> **Recorded information**
+===+
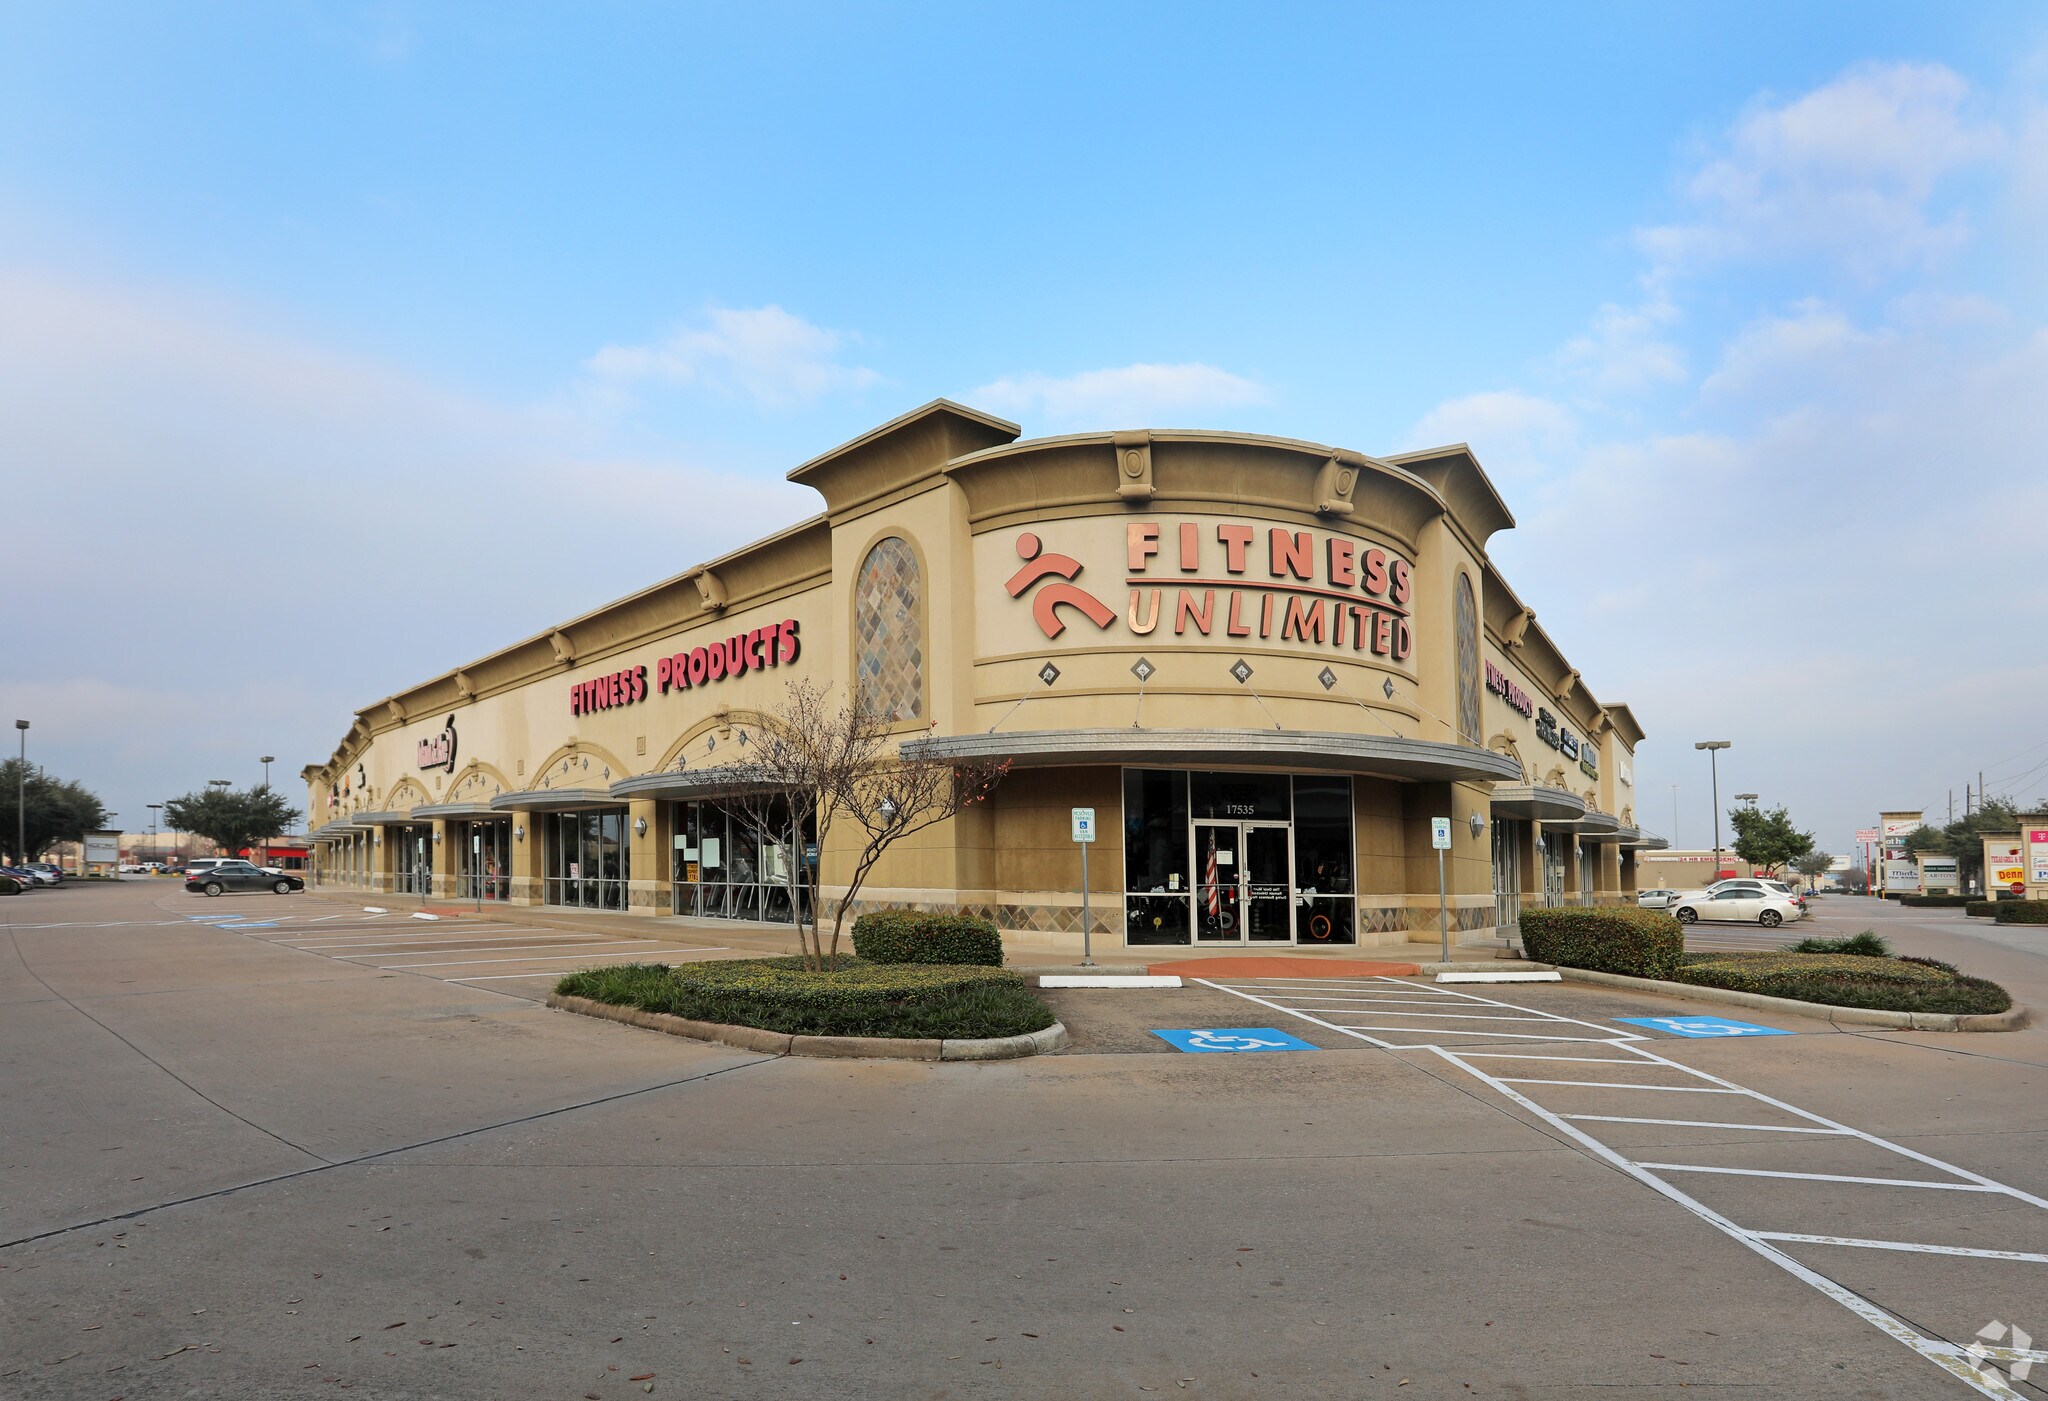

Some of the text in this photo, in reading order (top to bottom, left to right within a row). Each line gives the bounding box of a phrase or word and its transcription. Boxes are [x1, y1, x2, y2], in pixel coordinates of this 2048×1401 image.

[1127, 522, 1411, 605] FITNESS
[1127, 588, 1412, 661] UNLIMITED
[570, 618, 800, 717] FITNESS PRODUCTS
[1226, 804, 1254, 815] 17535
[1998, 871, 2023, 880] Denn
+===+
> **What you will do**
Print the whole listing exactly. No pictures belong in the copy.

> **Written reply**
Some of the text in this photo, in reading order (top to bottom, left to right within a row). Each line gives the bounding box of a phrase or word and its transcription. Boxes are [x1, y1, x2, y2], in pixel coordinates of this 2048×1401 image.

[1127, 522, 1411, 605] FITNESS
[1127, 588, 1412, 661] UNLIMITED
[570, 618, 800, 717] FITNESS PRODUCTS
[1226, 804, 1254, 815] 17535
[1998, 871, 2023, 880] Denn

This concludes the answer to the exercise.